What to produce -
No pictures are to be included when the entries below are reproduced exactly.

━━━ Source data

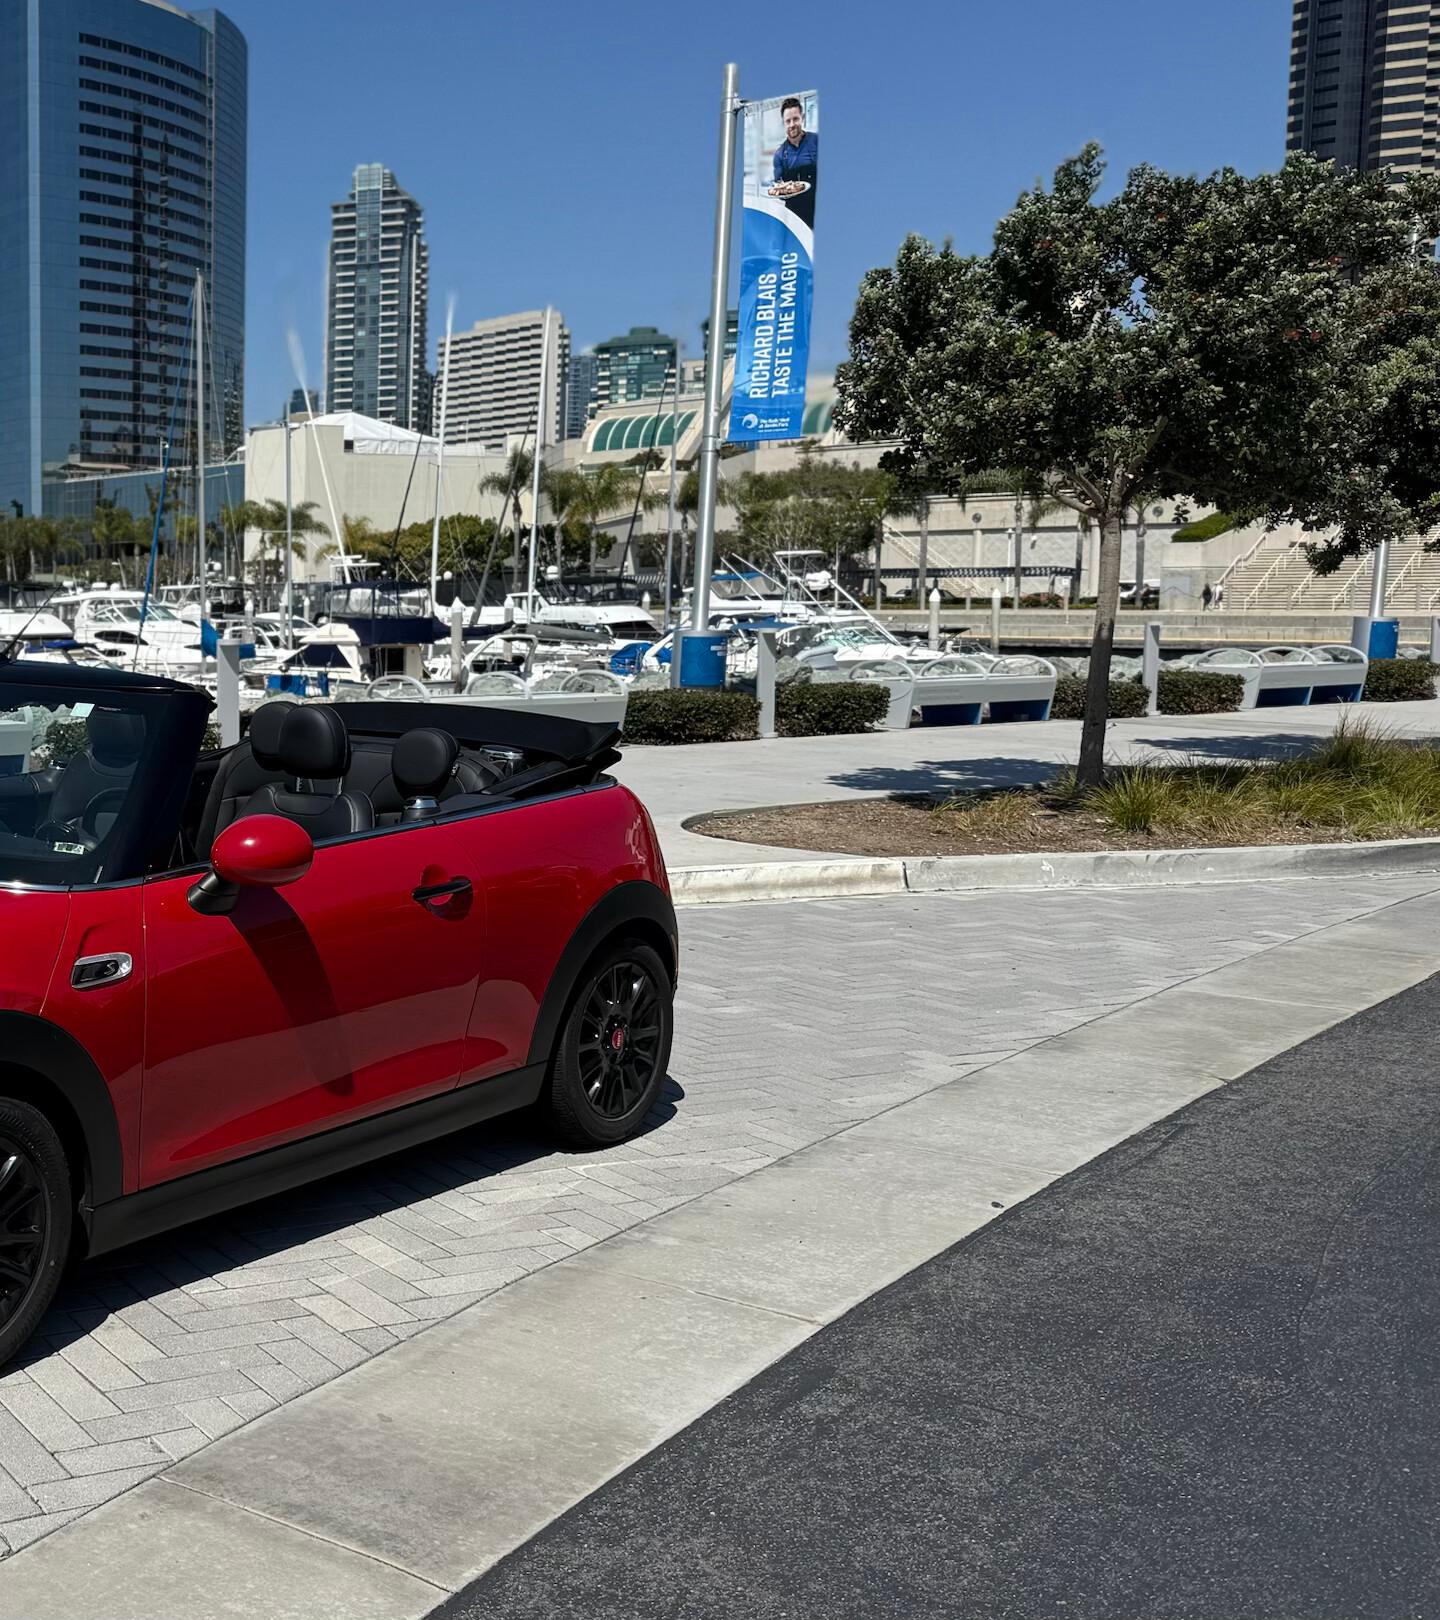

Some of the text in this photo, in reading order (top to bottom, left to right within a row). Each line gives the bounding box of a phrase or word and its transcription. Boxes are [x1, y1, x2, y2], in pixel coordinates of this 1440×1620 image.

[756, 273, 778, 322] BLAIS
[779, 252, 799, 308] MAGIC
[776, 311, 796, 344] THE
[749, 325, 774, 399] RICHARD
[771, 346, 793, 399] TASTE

━━━━━━

Exercise solution -
Some of the text in this photo, in reading order (top to bottom, left to right within a row). Each line gives the bounding box of a phrase or word and its transcription. Boxes are [x1, y1, x2, y2], in pixel coordinates of this 1440×1620 image.

[756, 273, 778, 322] BLAIS
[779, 252, 799, 308] MAGIC
[776, 311, 796, 344] THE
[749, 325, 774, 399] RICHARD
[771, 346, 793, 399] TASTE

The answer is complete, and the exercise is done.